Task instructions -
Every record must come back exactly as given.

(Saved entries)

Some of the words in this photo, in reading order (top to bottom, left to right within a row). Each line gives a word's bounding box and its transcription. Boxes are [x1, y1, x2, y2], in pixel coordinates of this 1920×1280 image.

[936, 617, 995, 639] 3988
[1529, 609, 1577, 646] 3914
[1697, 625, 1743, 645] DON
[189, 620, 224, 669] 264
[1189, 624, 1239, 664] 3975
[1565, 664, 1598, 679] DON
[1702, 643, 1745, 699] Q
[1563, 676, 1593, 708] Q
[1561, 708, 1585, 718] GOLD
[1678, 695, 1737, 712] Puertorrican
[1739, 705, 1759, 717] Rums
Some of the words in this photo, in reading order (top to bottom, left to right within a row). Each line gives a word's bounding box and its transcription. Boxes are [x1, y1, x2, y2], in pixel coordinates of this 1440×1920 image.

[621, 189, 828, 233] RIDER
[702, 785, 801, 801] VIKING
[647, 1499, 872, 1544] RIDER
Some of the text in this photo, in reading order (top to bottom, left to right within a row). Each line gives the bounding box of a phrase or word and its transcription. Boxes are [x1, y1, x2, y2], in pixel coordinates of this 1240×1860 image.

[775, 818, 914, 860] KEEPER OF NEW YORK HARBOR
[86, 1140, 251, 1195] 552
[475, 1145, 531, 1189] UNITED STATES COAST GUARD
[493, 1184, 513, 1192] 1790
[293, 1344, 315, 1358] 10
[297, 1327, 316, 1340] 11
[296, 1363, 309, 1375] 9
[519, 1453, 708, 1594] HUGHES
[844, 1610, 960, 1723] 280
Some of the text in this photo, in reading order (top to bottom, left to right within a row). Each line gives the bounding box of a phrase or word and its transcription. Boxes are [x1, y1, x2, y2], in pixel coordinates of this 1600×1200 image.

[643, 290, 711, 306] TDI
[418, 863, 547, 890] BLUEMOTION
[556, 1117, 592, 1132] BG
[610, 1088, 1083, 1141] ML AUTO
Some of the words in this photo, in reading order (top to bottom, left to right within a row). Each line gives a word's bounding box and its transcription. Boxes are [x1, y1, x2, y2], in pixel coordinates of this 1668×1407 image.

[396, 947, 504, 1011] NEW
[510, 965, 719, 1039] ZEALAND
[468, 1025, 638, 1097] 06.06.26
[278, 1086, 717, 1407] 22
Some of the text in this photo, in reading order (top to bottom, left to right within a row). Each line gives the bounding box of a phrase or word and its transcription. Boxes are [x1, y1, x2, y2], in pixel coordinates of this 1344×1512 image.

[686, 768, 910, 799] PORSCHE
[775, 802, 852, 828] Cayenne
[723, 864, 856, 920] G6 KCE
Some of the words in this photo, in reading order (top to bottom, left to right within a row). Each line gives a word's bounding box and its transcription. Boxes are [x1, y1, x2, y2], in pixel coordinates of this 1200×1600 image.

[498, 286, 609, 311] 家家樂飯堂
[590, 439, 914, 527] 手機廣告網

Reply -
Some of the words in this photo, in reading order (top to bottom, left to right within a row). Each line gives a word's bounding box and its transcription. Boxes are [x1, y1, x2, y2], in pixel coordinates of this 1920×1280 image.

[936, 617, 995, 639] 3988
[1529, 609, 1577, 646] 3914
[1697, 625, 1743, 645] DON
[189, 620, 224, 669] 264
[1189, 624, 1239, 664] 3975
[1565, 664, 1598, 679] DON
[1702, 643, 1745, 699] Q
[1563, 676, 1593, 708] Q
[1561, 708, 1585, 718] GOLD
[1678, 695, 1737, 712] Puertorrican
[1739, 705, 1759, 717] Rums
Some of the words in this photo, in reading order (top to bottom, left to right within a row). Each line gives a word's bounding box and its transcription. Boxes are [x1, y1, x2, y2], in pixel coordinates of this 1440×1920 image.

[621, 189, 828, 233] RIDER
[702, 785, 801, 801] VIKING
[647, 1499, 872, 1544] RIDER
Some of the text in this photo, in reading order (top to bottom, left to right within a row). Each line gives the bounding box of a phrase or word and its transcription. Boxes are [x1, y1, x2, y2], in pixel coordinates of this 1240×1860 image.

[775, 818, 914, 860] KEEPER OF NEW YORK HARBOR
[86, 1140, 251, 1195] 552
[475, 1145, 531, 1189] UNITED STATES COAST GUARD
[493, 1184, 513, 1192] 1790
[293, 1344, 315, 1358] 10
[297, 1327, 316, 1340] 11
[296, 1363, 309, 1375] 9
[519, 1453, 708, 1594] HUGHES
[844, 1610, 960, 1723] 280
Some of the text in this photo, in reading order (top to bottom, left to right within a row). Each line gives the bounding box of a phrase or word and its transcription. Boxes are [x1, y1, x2, y2], in pixel coordinates of this 1600×1200 image.

[643, 290, 711, 306] TDI
[418, 863, 547, 890] BLUEMOTION
[556, 1117, 592, 1132] BG
[610, 1088, 1083, 1141] ML AUTO
Some of the words in this photo, in reading order (top to bottom, left to right within a row). Each line gives a word's bounding box and its transcription. Boxes are [x1, y1, x2, y2], in pixel coordinates of this 1668×1407 image.

[396, 947, 504, 1011] NEW
[510, 965, 719, 1039] ZEALAND
[468, 1025, 638, 1097] 06.06.26
[278, 1086, 717, 1407] 22
Some of the text in this photo, in reading order (top to bottom, left to right within a row). Each line gives the bounding box of a phrase or word and its transcription. Boxes are [x1, y1, x2, y2], in pixel coordinates of this 1344×1512 image.

[686, 768, 910, 799] PORSCHE
[775, 802, 852, 828] Cayenne
[723, 864, 856, 920] G6 KCE
Some of the words in this photo, in reading order (top to bottom, left to right within a row). Each line gives a word's bounding box and its transcription. Boxes are [x1, y1, x2, y2], in pixel coordinates of this 1200×1600 image.

[498, 286, 609, 311] 家家樂飯堂
[590, 439, 914, 527] 手機廣告網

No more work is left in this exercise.